The Partnership for Aquaculture Development in Timor-Leste (PADTL), a five-year project funded by the New Zealand Aid Programme, has played a crucial role in diversifying rural livelihoods in the country through the promotion of sustainable aquaculture.
On 23 August 2018, the project farmers celebrated their harvest of genetically improved farmed tilapia (GIFT). A total of 253 farmers, who are organized in nine clusters in Ermera, Bobonaro and Baucau municipalities, successfully completed at least one production cycle of GIFT during 2017–18.
The celebration, which was held in Sucu Leohitu in Bobonaro municipality, was attended by farmer and government representatives, the private sector, I/NGOs and WorldFish staff.
Activities included sharing GIFT farming and farmers’ field school (FFS) experiences, and discussion on the way forward for the intensification of GIFT farming, harvesting and selling.

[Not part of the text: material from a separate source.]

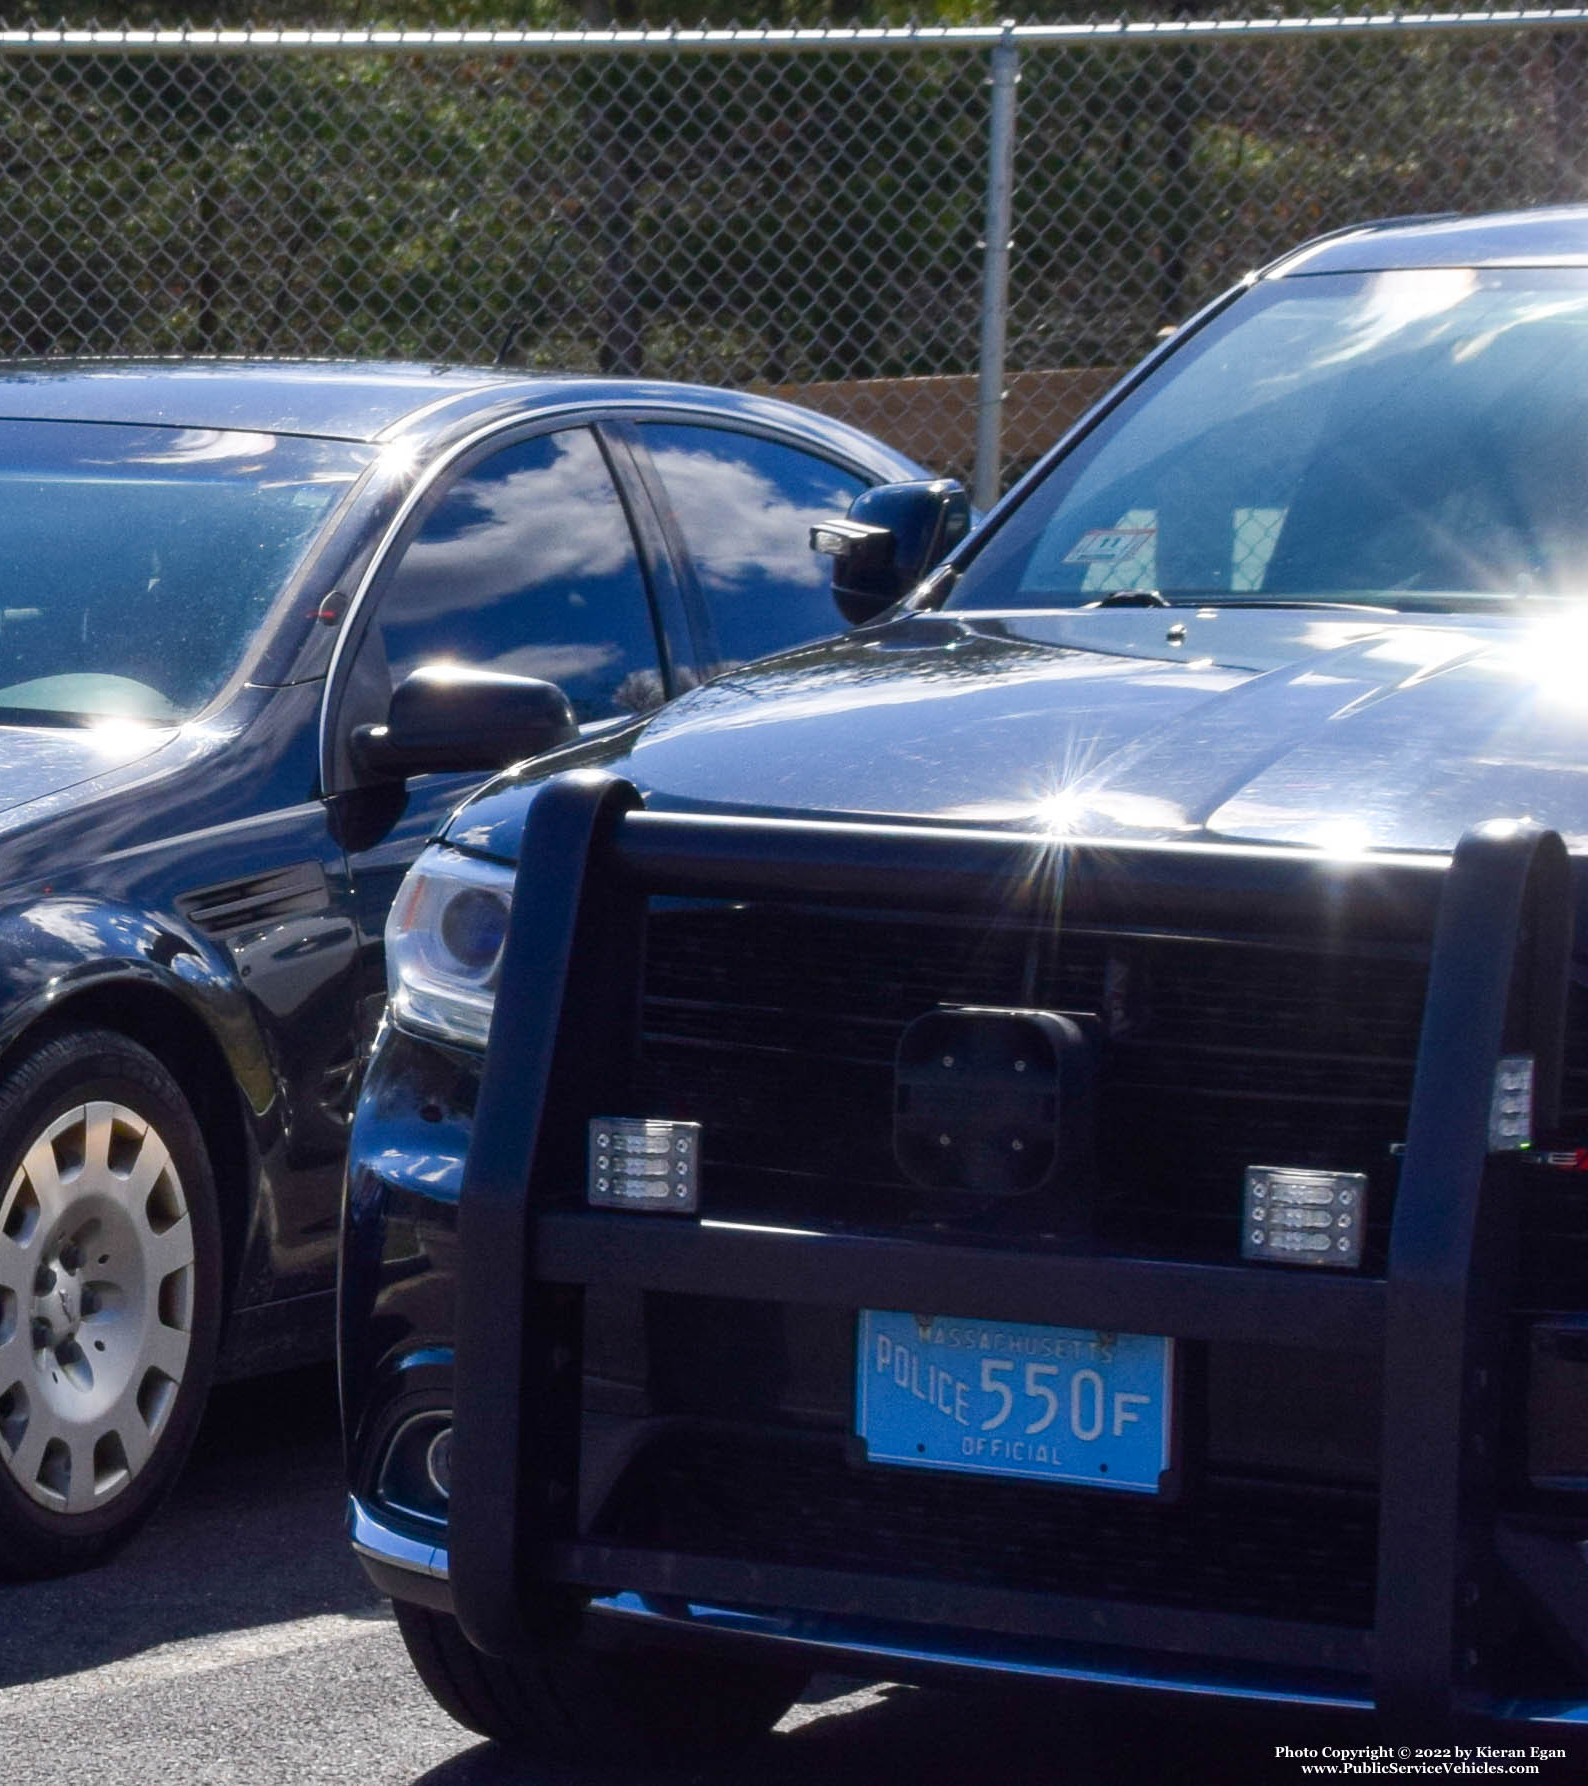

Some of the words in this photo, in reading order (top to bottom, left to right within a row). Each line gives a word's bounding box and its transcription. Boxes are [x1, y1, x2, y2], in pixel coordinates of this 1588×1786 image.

[918, 1325, 1113, 1363] MASSACHUSETTS
[877, 1334, 971, 1427] POLICE
[962, 1435, 1062, 1465] OFFICIAL

Farmers who had completed FFS training sessions on better management practices (BMPs) in GIFT aquaculture were also presented with certificates.
WorldFish through FISH introduced FFS, a modular training employing a participatory approach. Unlike conventional training, the FFS sessions, co-facilitated with the Ministry of Agriculture and Fisheries, were synchronized with ongoing aquaculture activities on the farm so that farmers could immediately apply the knowledge and skills acquired. Hands-on training provided farmers with more confidence in BMPs in topics ranging from pond and feed preparation to fish harvesting and marketing.
Farmer representatives at the event confirmed the effectiveness of FFS in the successful adoption of GIFT farming. Besides their success in fish farming, FFS participants have played a crucial role in validating the training model for wider dissemination.
Benefits for producers and consumers
Speaking at the event, H.E. Joaquim Martins Gusmao, Minister of Agriculture and Fisheries, highlighted the importance of aquaculture in addressing poverty and malnutrition in Timor-Leste and congratulated farmers on their achievement. “WorldFish and the New Zealand Aid Programme have played a pivotal role in aquaculture development in Timor-Leste through technical and funding support, respectively,” he said.
He was accompanied by Gabrielle Isaak, Deputy Head of Mission, New Zealand Embassy in Timor-Leste, who added: “The project has had some remarkable success in a relatively short space of time, and contributes to many of the development priorities we have agreed with the Government of Timor-Leste: it provides economic opportunity for farmers, improves nutrition by providing increased access to fish as a food protein for inland communities, and contributes to diversifying the economy in Timor-Leste through business growth and even export markets.”
Sustainable intensification of GIFT farming will benefit an increasing number of producers and consumers as the activity is scaled up across the country. To achieve this scaling, other actors will likely be engaged. Rui Castro, a private sector livestock feed producer, has already expressed an interest in producing tilapia feed based on low-cost feed formulations devised by the PADTL project that use locally sourced ingredients.
Increased hatchery capacity
GIFT was first supplied to Timor-Leste in April 2015 as part of the PADTL project. Developed by WorldFish, GIFT can grow 50–80 percent faster than other non-improved strains, requires no antibiotics and has a lower carbon footprint than either beef or pork. From a nutritional point of view, it is an affordable source of essential micronutrients.
In parallel with the supply of GIFT, the project refurbished and upgraded the government hatchery in Gleno, Ermera. Previously, the hatchery produced 10,000–20,000 fingerlings a year. After the upgrade, the hatchery produced and distributed over 1.5 million GIFT fingerlings to more than 700 farmers across 11 municipalities.
The hatchery is considered a crucial part of Timor-Leste’s National Aquaculture Development Strategy (2012–2030), which aims to reduce undernourishment by increasing per capita consumption of fish from 6 kg to 15 kg by 2020.